WHAT THIS TASK INVOLVES: Return every entry exactly as written, with the pictures removed.

Saved entries:
★ ★ ★ ★ ★ ★ ★
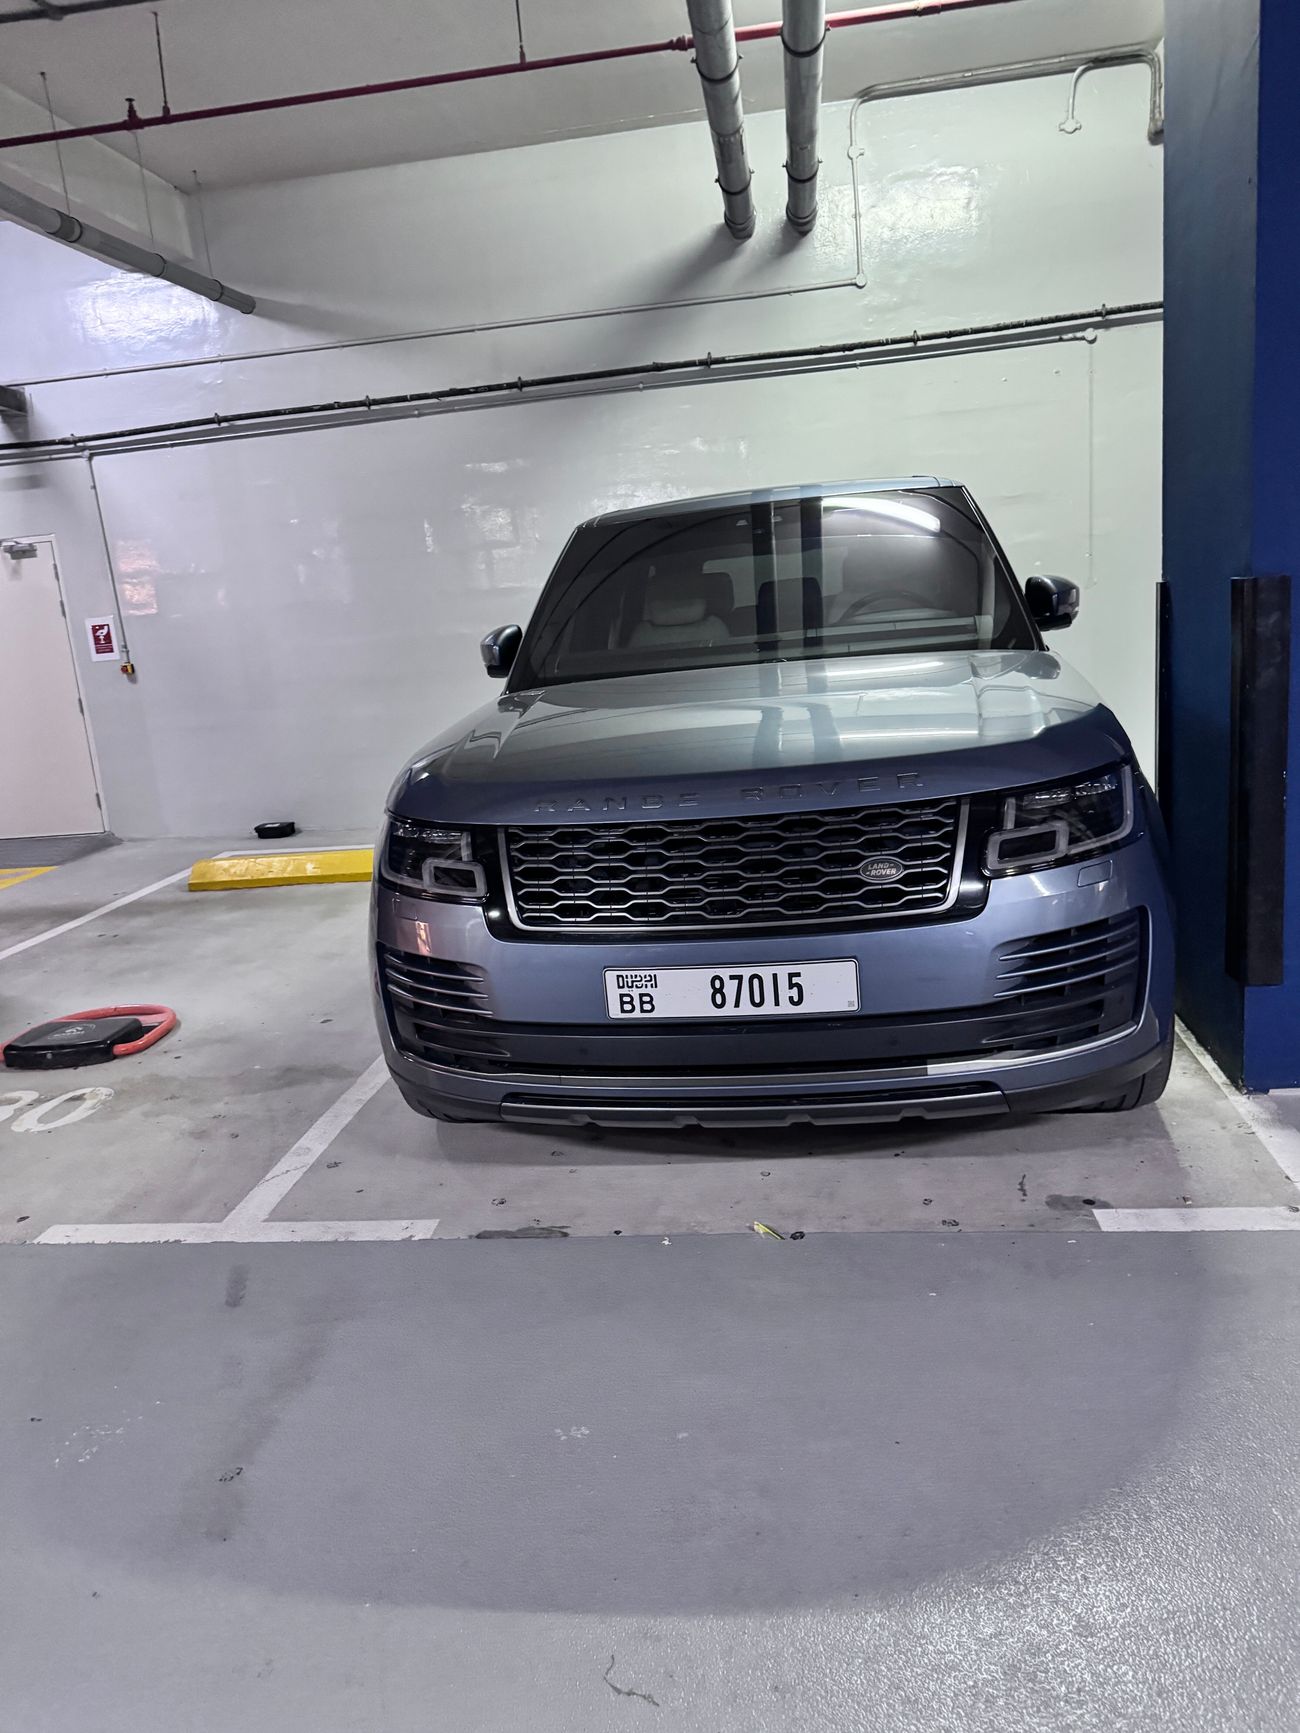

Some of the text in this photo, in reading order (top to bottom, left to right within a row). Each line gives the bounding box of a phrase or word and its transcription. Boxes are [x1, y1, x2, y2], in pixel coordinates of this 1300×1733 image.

[534, 772, 923, 812] RANGE ROVER
[868, 862, 890, 870] LAND
[870, 868, 897, 876] ROVER
[710, 972, 804, 1009] 87015
[619, 992, 656, 1014] BB
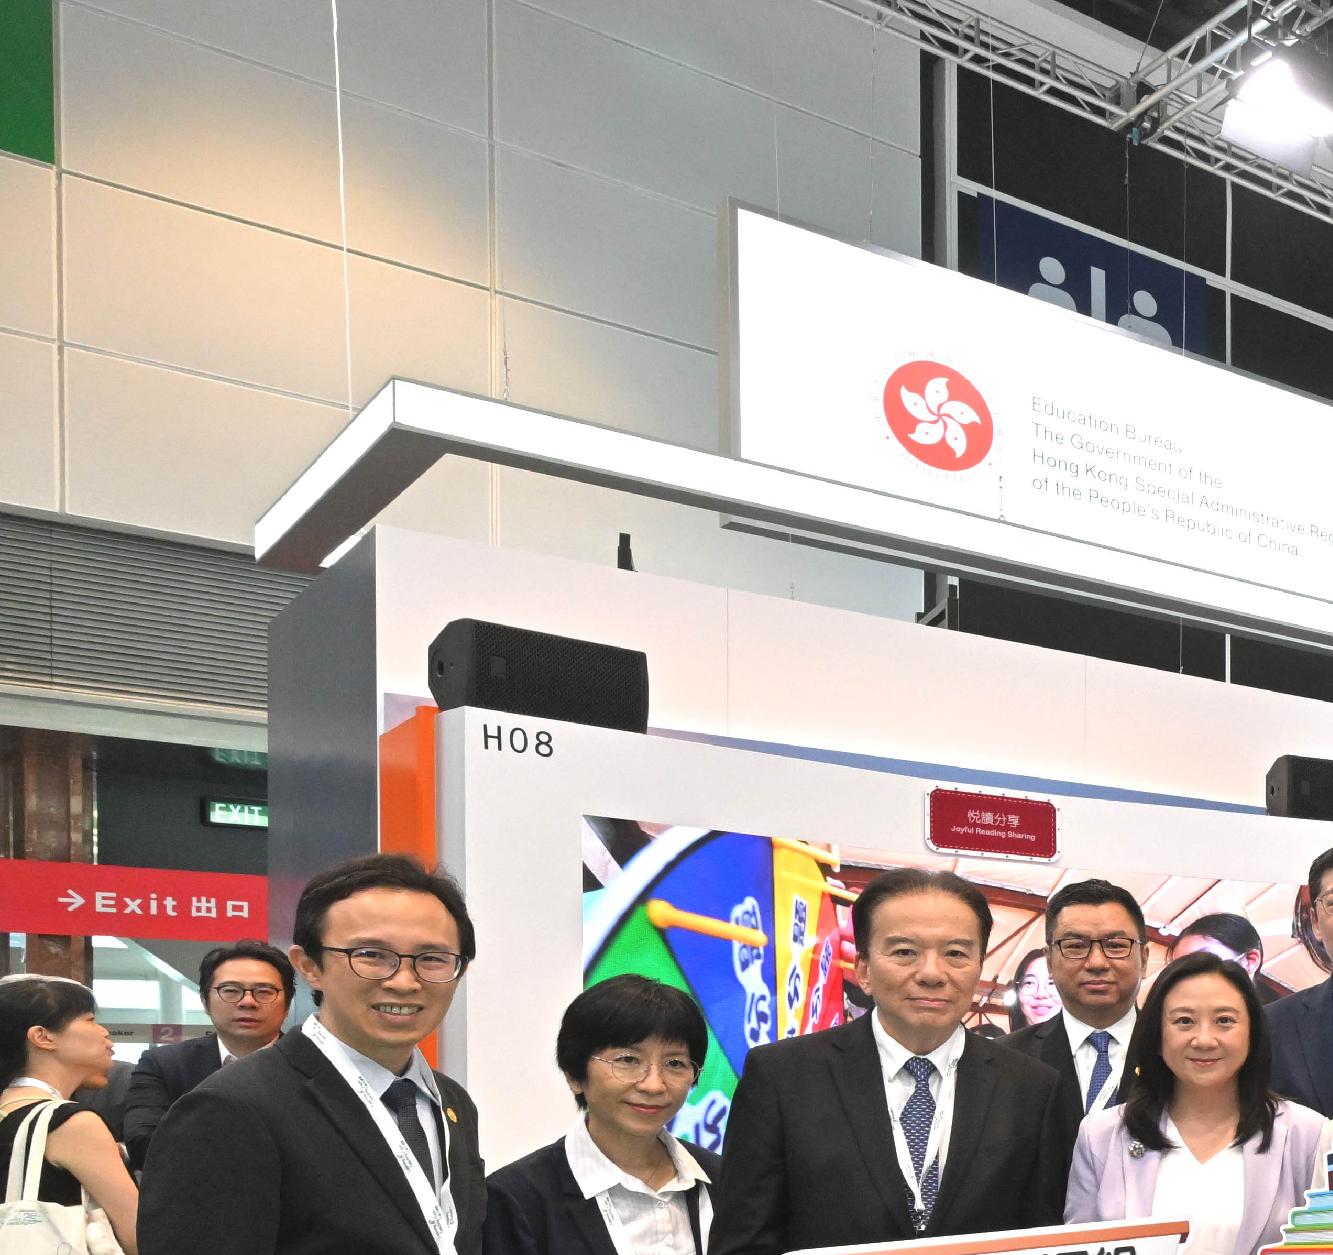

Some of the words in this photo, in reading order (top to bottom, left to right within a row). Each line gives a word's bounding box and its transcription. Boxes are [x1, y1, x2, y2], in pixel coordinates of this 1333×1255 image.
★ ★ ★ ★ ★ ★ ★
THE COMPLETED TASK:
Some of the text in this photo, in reading order (top to bottom, left to right within a row). Each line gives the bounding box of a phrase or word and its transcription. Boxes are [x1, y1, x2, y2], in pixel coordinates of this 1300×1733 image.

[534, 772, 923, 812] RANGE ROVER
[868, 862, 890, 870] LAND
[870, 868, 897, 876] ROVER
[710, 972, 804, 1009] 87015
[619, 992, 656, 1014] BB

Some of the words in this photo, in reading order (top to bottom, left to right within a row). Each line gives a word's bounding box and its transcription. Boxes are [x1, y1, x2, y2], in pixel coordinates of this 1333×1255 image.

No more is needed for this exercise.